Pleasure of Osborne’s return trip to Fair City
It is always a pleasure and an enlightenment to welcome back Steven Osborne to Perth Concert Hall’s Perth Piano Sunday series.
And, on March 26, he played before the largest audience yet.
As he chose the Steinway for this hall and has regularly returned, he is in optimum position for producing an outstanding recital. Sunday’s concert fully demonstrated this.
A frequent programme is to put the last three Beethoven Piano Sonatas together. In talking before the concert Steven Osborne was of the opinion that this is slightly mean to the paying public. And in a fascinating way he preceded each sonata by, in reverse order due to the key schemes, one of the late Brahms Intermezzi Op117.
Each of these showed playing which looked deep below the surface: for No3 thoughtfully looking back with happiness but nostalgia; No2 looked back in a worldly wise manner, with beautiful legato playing and No1 had a refined lullaby, turning darkly menacing then calming.
Beethoven’s Op109 seemed to start in the middle, exploring with purpose. Its second movement had energy, strength and confidence.
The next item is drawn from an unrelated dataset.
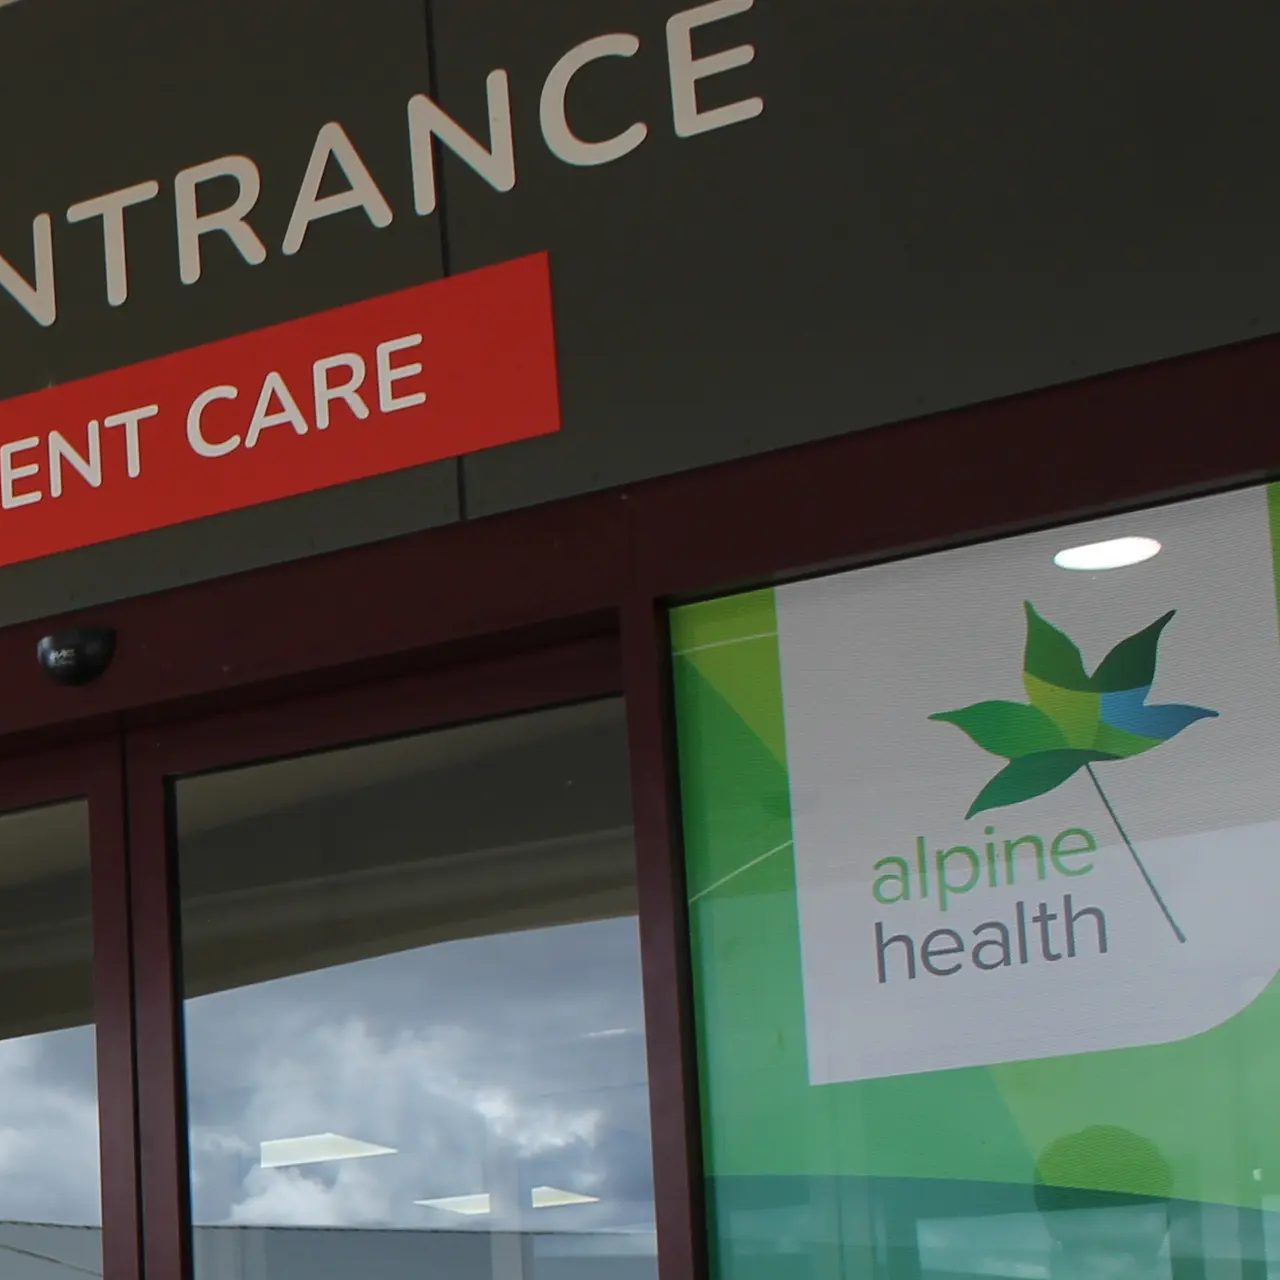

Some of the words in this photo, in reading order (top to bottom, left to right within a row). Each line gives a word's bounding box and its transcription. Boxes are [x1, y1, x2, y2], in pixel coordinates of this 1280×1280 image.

[185, 333, 429, 458] CARE
[871, 824, 1098, 912] alpine
[874, 893, 1109, 984] health
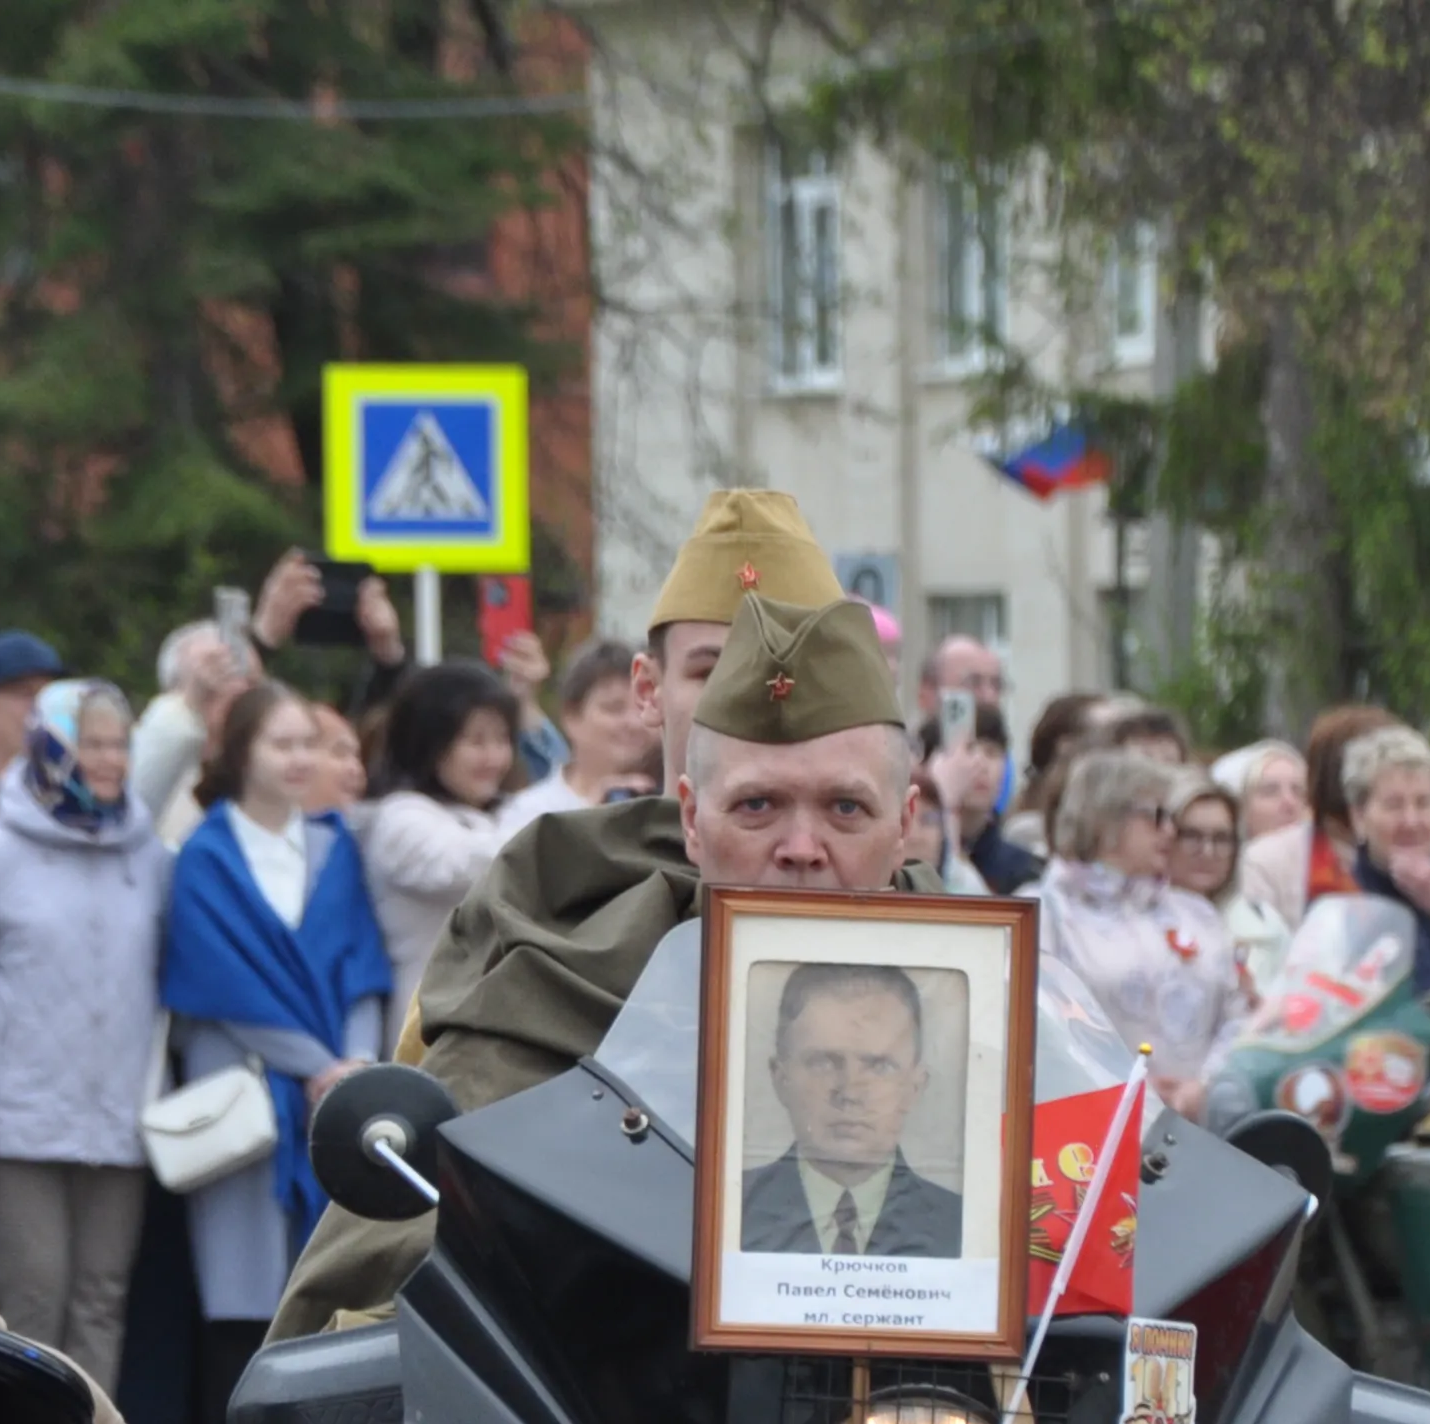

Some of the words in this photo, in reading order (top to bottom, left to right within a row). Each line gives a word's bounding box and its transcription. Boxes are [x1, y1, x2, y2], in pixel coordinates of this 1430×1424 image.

The third had peace, gentle playfulness and jocularity in its variations, finally serenity in its return to the theme.
Op110 began with calm serenity, proceeded with sensitive precision, Steven Osborne using an immense dynamic range from a still clear voice to colossal waves of sound.
The short Allegro molto perhaps pictured Beethoven telling a joke: the punchline rapped out, then his laughter. The recap ended second time more moderately.
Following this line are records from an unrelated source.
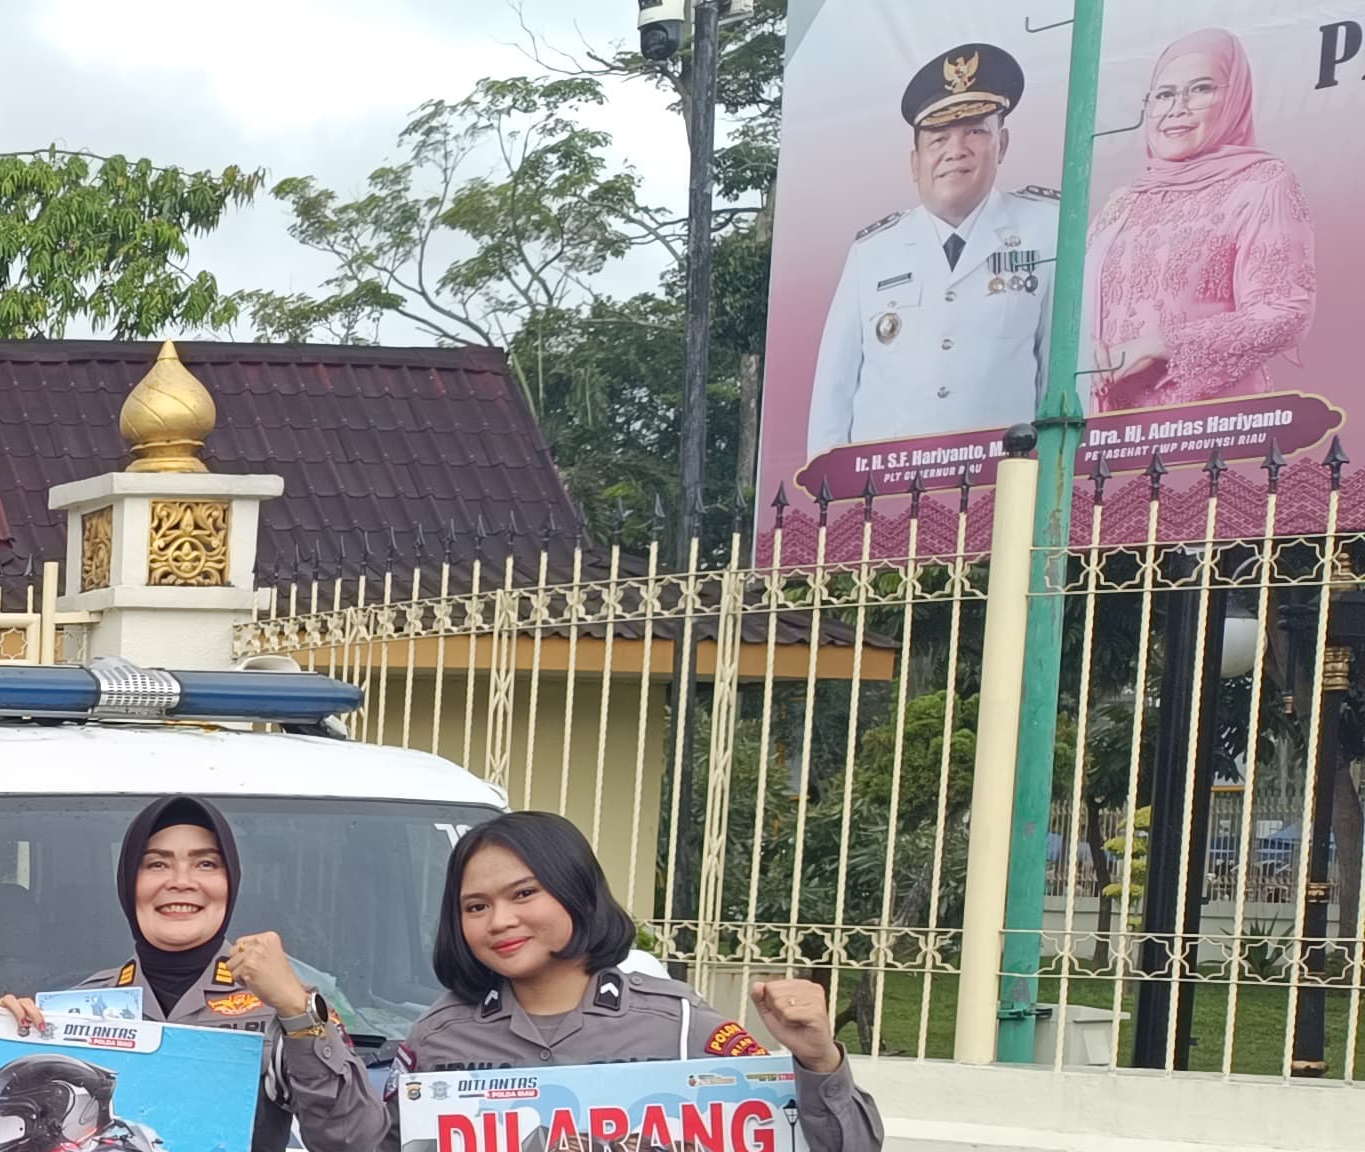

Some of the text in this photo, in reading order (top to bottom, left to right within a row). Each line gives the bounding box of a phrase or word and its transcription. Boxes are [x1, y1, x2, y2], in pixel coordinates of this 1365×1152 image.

[1315, 20, 1365, 90] P
[1090, 410, 1293, 446] Dra. Hj. Adrias Hariyanto
[855, 456, 870, 473] Ir.
[871, 454, 885, 470] H.
[887, 451, 910, 469] S.F.
[912, 444, 987, 467] Hariyanto,
[1085, 445, 1149, 462] PEASEHAT
[1238, 432, 1267, 446] RIAU
[904, 466, 957, 481] GUERNUR
[64, 1024, 137, 1039] DITLANTAS
[458, 1077, 537, 1092] DITLANTAS
The third movement started with the saddest considerations of deep mourning before the rolling fugue started a return to life, ending, after a bleak return to the Adagio, with torrents of sound.
Osborne began the final Sonata Op111 grandly, subsiding, before a tersely powerful reading of the Allegro, most definitely con brio and appassionato. The sustained hymn-like Arietta was a very different world, musing then mounting in intensity, vehemence evaporating to the top of the keyboard and trills, transcendent and deep to the end.